Excerpted records section start
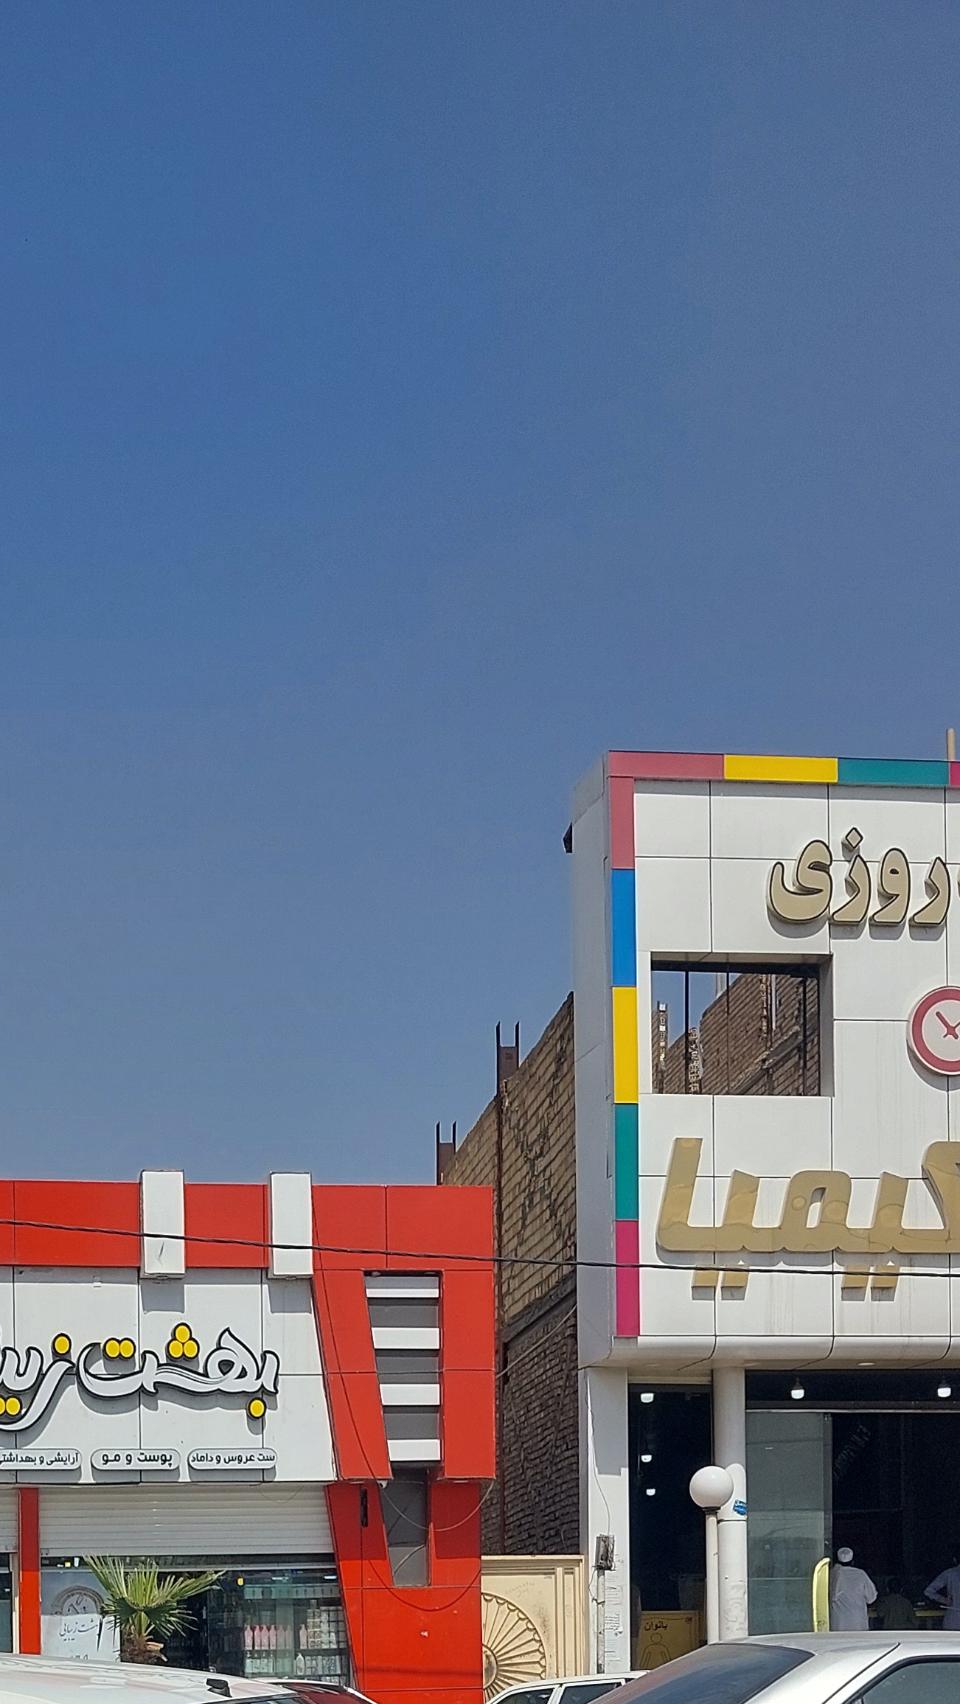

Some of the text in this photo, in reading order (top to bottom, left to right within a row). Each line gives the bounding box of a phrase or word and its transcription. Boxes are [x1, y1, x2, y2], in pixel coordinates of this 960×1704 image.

[768, 826, 951, 925] روزی
[76, 1322, 279, 1419] بهشت
[39, 1455, 46, 1465] و
[46, 1451, 80, 1466] آرایشی
[101, 1453, 173, 1468] پوست و مو
[191, 1452, 213, 1463] داماد
[222, 1454, 254, 1466] عروس
[257, 1453, 275, 1462] ست
[644, 1620, 668, 1631] بانوان
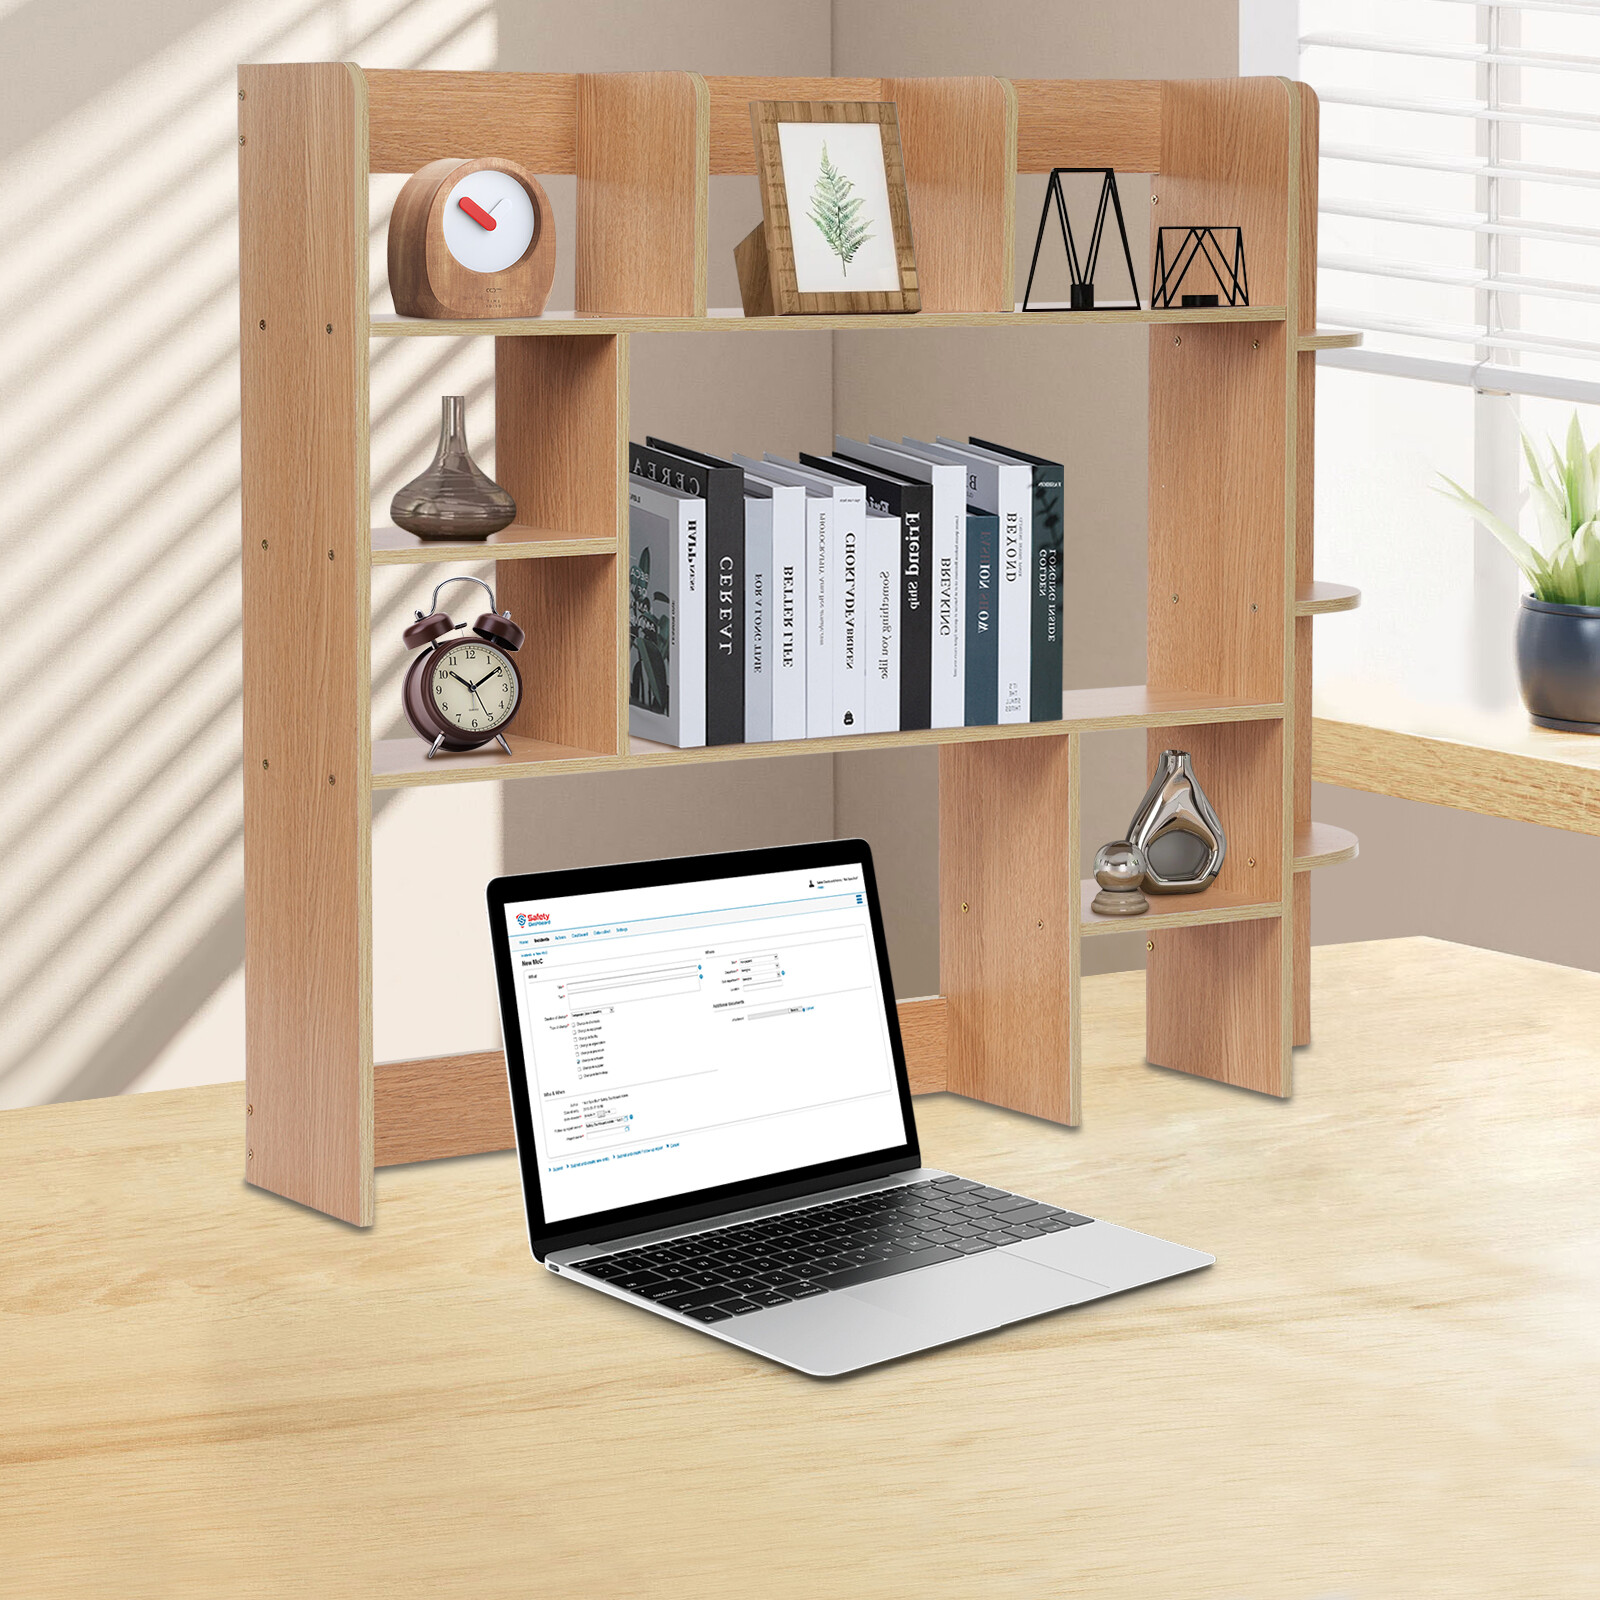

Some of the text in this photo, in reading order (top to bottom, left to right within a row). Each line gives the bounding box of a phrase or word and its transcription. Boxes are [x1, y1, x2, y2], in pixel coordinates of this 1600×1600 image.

[465, 650, 476, 659] 12
[449, 657, 457, 665] 11
[487, 656, 491, 664] 1
[438, 670, 448, 679] 10
[436, 686, 442, 694] 9
[502, 683, 508, 692] 3
[442, 702, 448, 711] 8
[499, 700, 504, 709] 4
[456, 714, 462, 722] 7
[488, 712, 494, 722] 5
[472, 719, 478, 728] 6
[528, 913, 550, 922] Safety
Excerpted records section end
## Task item
A word-for-word copy of all the records above is required, with the pictures left out.

## Solution
Some of the text in this photo, in reading order (top to bottom, left to right within a row). Each line gives the bounding box of a phrase or word and its transcription. Boxes are [x1, y1, x2, y2], in pixel coordinates of this 960×1704 image.

[768, 826, 951, 925] روزی
[76, 1322, 279, 1419] بهشت
[39, 1455, 46, 1465] و
[46, 1451, 80, 1466] آرایشی
[101, 1453, 173, 1468] پوست و مو
[191, 1452, 213, 1463] داماد
[222, 1454, 254, 1466] عروس
[257, 1453, 275, 1462] ست
[644, 1620, 668, 1631] بانوان

Some of the text in this photo, in reading order (top to bottom, left to right within a row). Each line gives the bounding box of a phrase or word and its transcription. Boxes are [x1, y1, x2, y2], in pixel coordinates of this 1600×1600 image.

[465, 650, 476, 659] 12
[449, 657, 457, 665] 11
[487, 656, 491, 664] 1
[438, 670, 448, 679] 10
[436, 686, 442, 694] 9
[502, 683, 508, 692] 3
[442, 702, 448, 711] 8
[499, 700, 504, 709] 4
[456, 714, 462, 722] 7
[488, 712, 494, 722] 5
[472, 719, 478, 728] 6
[528, 913, 550, 922] Safety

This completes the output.